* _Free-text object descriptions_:

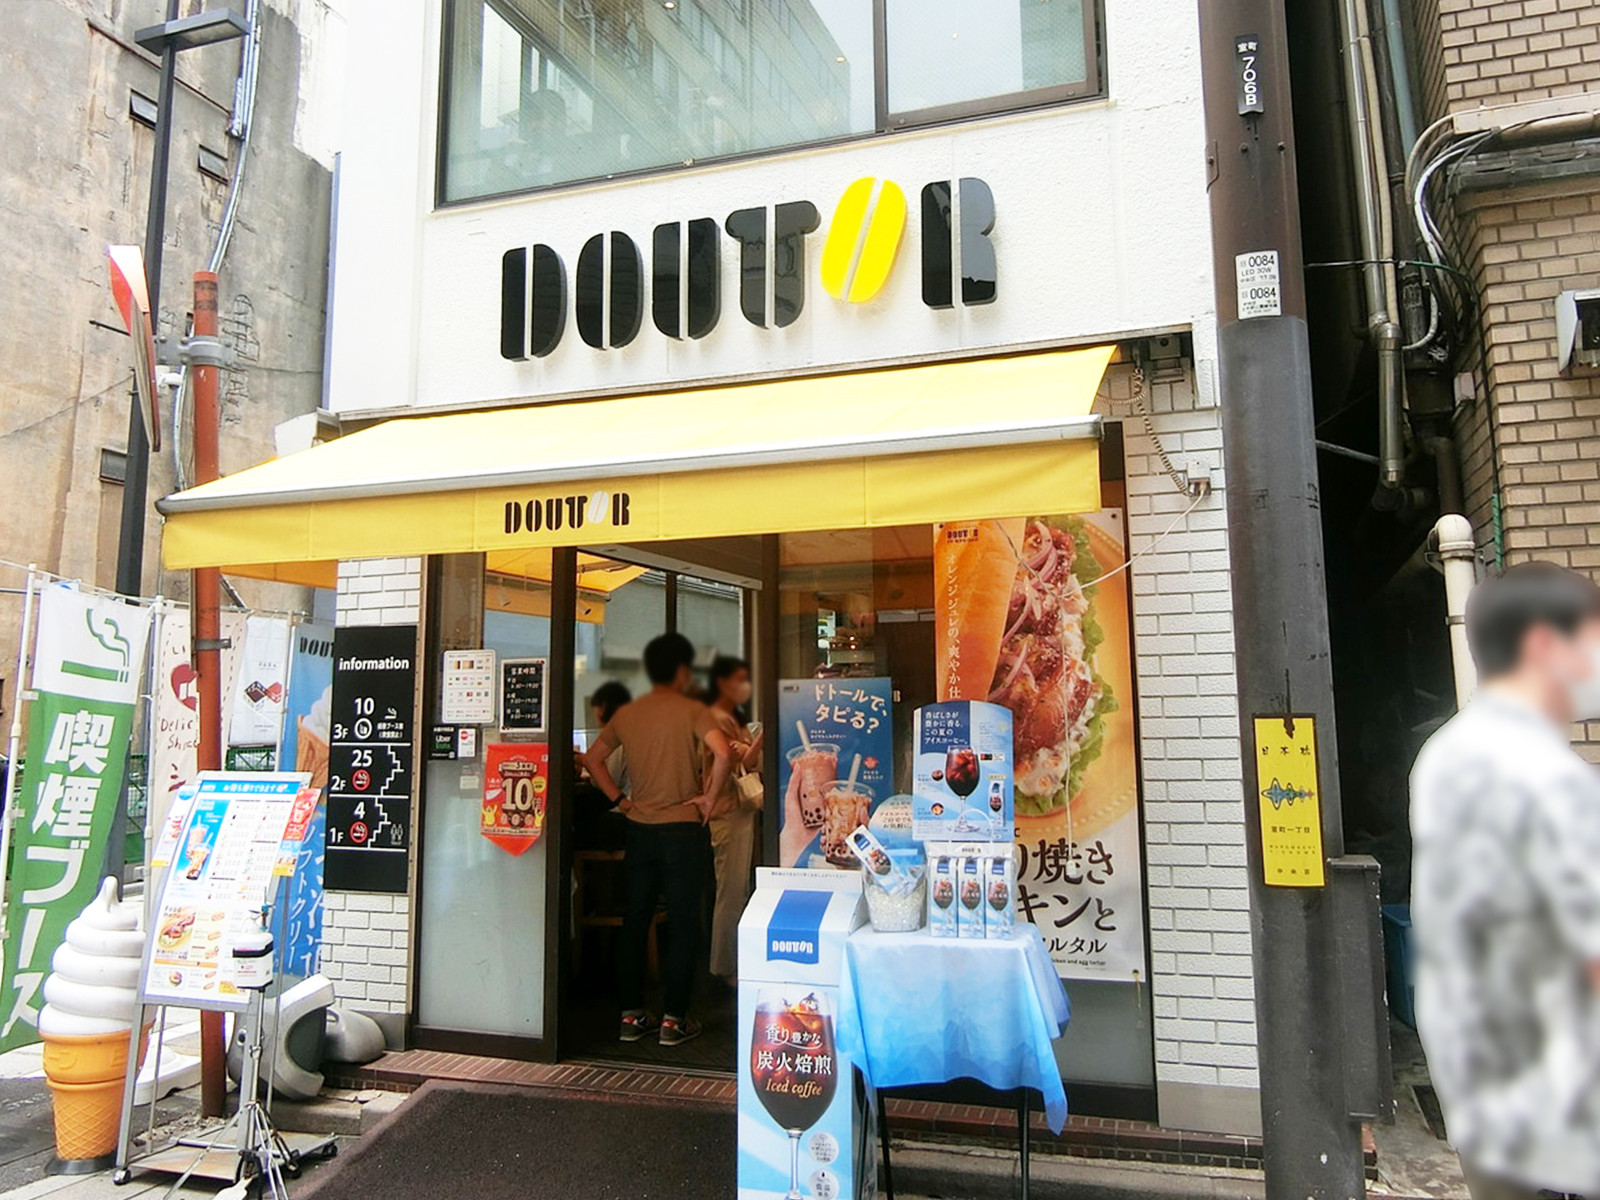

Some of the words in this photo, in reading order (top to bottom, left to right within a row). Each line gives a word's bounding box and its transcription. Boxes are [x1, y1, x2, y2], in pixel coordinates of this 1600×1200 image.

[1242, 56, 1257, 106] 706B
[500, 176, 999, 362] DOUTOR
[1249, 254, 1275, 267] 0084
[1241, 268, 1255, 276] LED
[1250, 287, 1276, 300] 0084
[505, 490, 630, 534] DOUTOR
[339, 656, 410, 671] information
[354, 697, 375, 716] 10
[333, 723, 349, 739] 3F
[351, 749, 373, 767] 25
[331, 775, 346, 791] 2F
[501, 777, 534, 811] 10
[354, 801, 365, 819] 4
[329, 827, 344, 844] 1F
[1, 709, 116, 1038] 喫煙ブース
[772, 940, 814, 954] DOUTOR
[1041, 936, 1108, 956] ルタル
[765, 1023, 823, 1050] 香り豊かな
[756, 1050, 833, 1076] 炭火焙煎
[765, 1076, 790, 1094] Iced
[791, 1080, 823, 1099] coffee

* _Try it_: Set down the records in full and exactly. Do not carry over any image.

* _Your response_:
Some of the words in this photo, in reading order (top to bottom, left to right within a row). Each line gives a word's bounding box and its transcription. Boxes are [x1, y1, x2, y2], in pixel coordinates of this 1600×1200 image.

[1242, 56, 1257, 106] 706B
[500, 176, 999, 362] DOUTOR
[1249, 254, 1275, 267] 0084
[1241, 268, 1255, 276] LED
[1250, 287, 1276, 300] 0084
[505, 490, 630, 534] DOUTOR
[339, 656, 410, 671] information
[354, 697, 375, 716] 10
[333, 723, 349, 739] 3F
[351, 749, 373, 767] 25
[331, 775, 346, 791] 2F
[501, 777, 534, 811] 10
[354, 801, 365, 819] 4
[329, 827, 344, 844] 1F
[1, 709, 116, 1038] 喫煙ブース
[772, 940, 814, 954] DOUTOR
[1041, 936, 1108, 956] ルタル
[765, 1023, 823, 1050] 香り豊かな
[756, 1050, 833, 1076] 炭火焙煎
[765, 1076, 790, 1094] Iced
[791, 1080, 823, 1099] coffee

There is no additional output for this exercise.